Final Project for UVa Vision and Language course [Homepage]
Our project tries to enrich the sequence-to-sequence structure video captioning model with an action recognition model to emphasize the main action scene displayed in a video clip. For more details, please refer to our report. [final report]
This model introduce the action feature into the decoder GRU by using a novel GRU unit called GFRU (first introduced in this paper: Lei Li, Yongfeng Zhang, Li Chen. Generate Neural Template Explanations for Recommendation. CIKM'20. [Paper])
For video captioning, we use the MSR-VTT dataset. Since the VTT Challenge has ended, all the data (including test set) can be found online.

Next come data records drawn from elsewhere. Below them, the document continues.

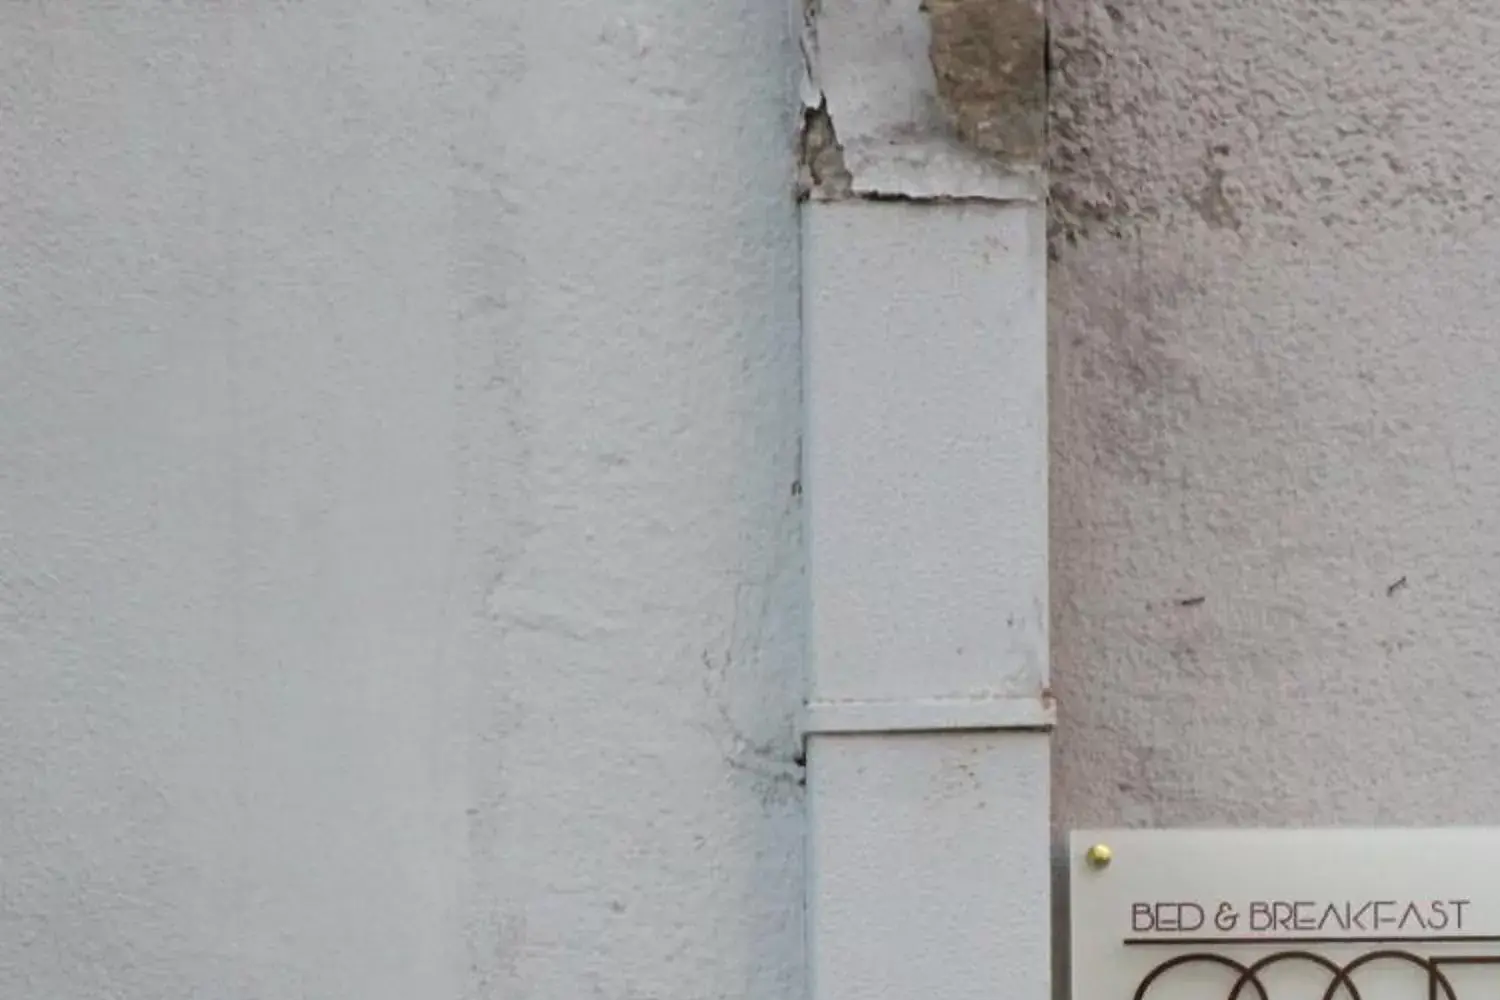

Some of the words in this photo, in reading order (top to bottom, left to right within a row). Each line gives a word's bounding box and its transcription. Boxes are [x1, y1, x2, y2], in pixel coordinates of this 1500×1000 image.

[1131, 902, 1205, 932] BED
[1213, 901, 1240, 932] &
[1250, 900, 1471, 931] BREAKFAST
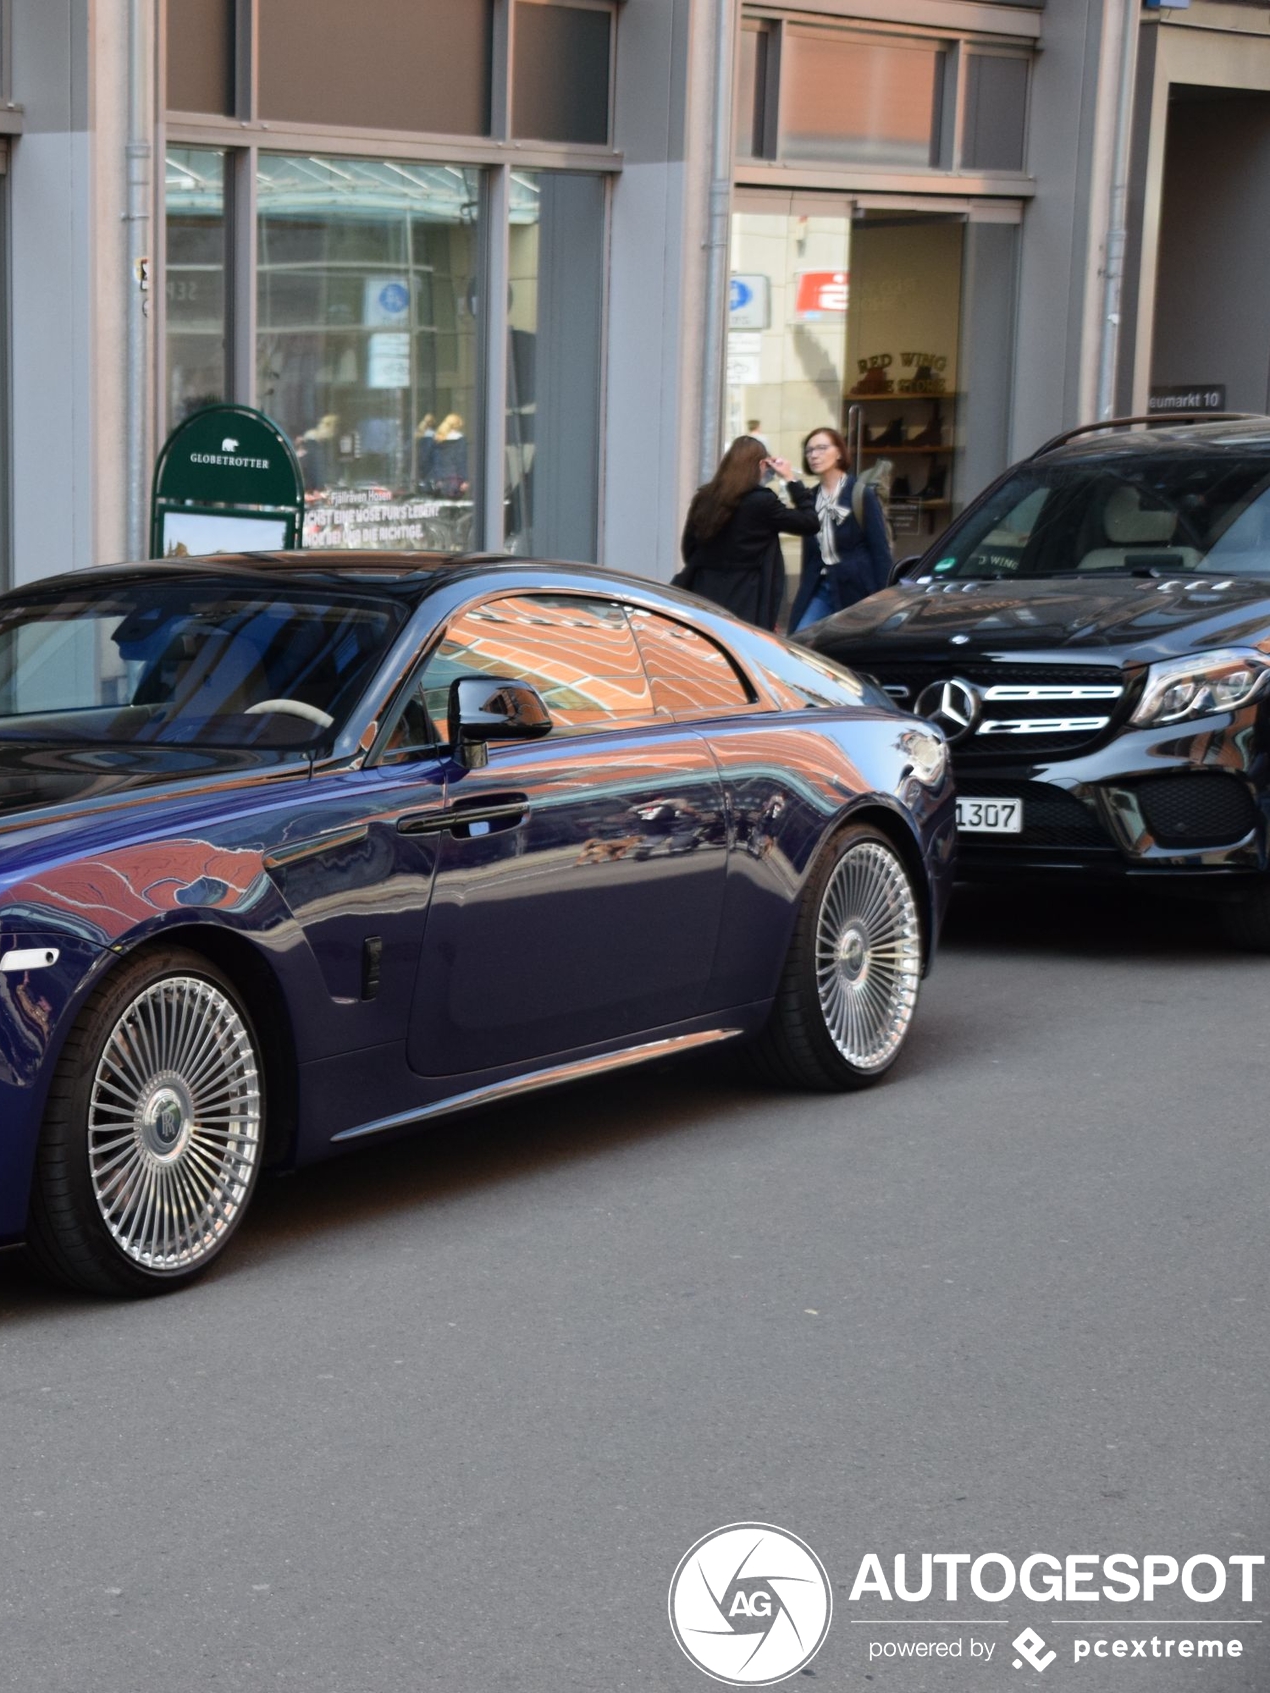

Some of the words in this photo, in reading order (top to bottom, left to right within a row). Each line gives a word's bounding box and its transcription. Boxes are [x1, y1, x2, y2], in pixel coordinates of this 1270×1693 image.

[857, 353, 892, 374] RED
[899, 352, 947, 372] WING
[1150, 392, 1200, 408] eumarkt
[1203, 392, 1219, 407] 10
[190, 453, 270, 469] GLOBETROTTER
[990, 555, 1019, 570] WING
[955, 803, 1016, 828] 1307
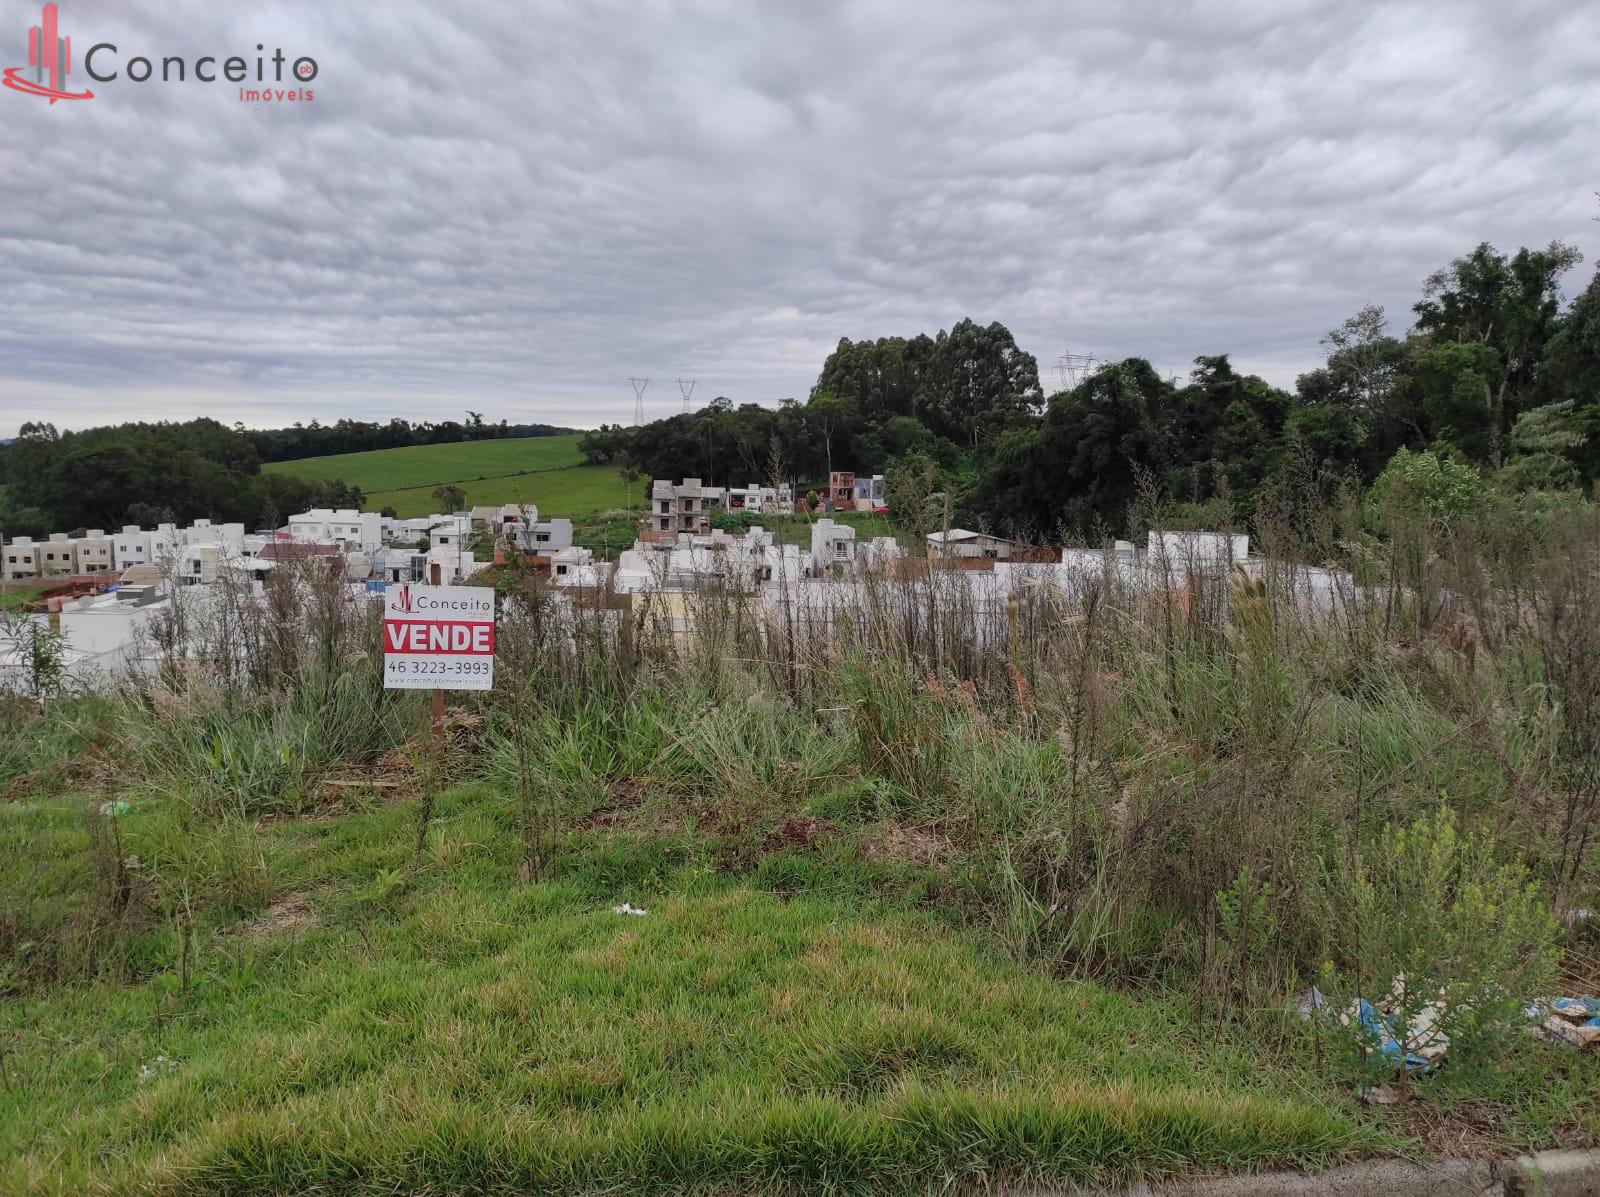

I download and proceed it in here: https://drive.google.com/drive/folders/1l-P5NVzGQtYWHCsbcqHrzfcxnmaVecoT?usp=sharing (NOTE: the link is restricted to people with UVa email)
We reference some model structure and data processing settings provided by the following github repo:
- For video captioning (S2VT): https://github.com/xiadingZ/video-caption.pytorch
- For action recognition (ST-GCN): https://github.com/open-mmlab/mmskeleton
- Model Fusion (GFRU): https://github.com/lileipisces/NETE
- Venugopalan, Subhashini, et al. "Sequence to sequence-video to text." Proceedings of the IEEE international conference on computer vision. 2015. [Paper]
- Yan, Sijie, Yuanjun Xiong, and Dahua Lin. "Spatial temporal graph convolutional networks for skeleton-based action recognition." arXiv preprint arXiv:1801.07455 (2018). [Paper]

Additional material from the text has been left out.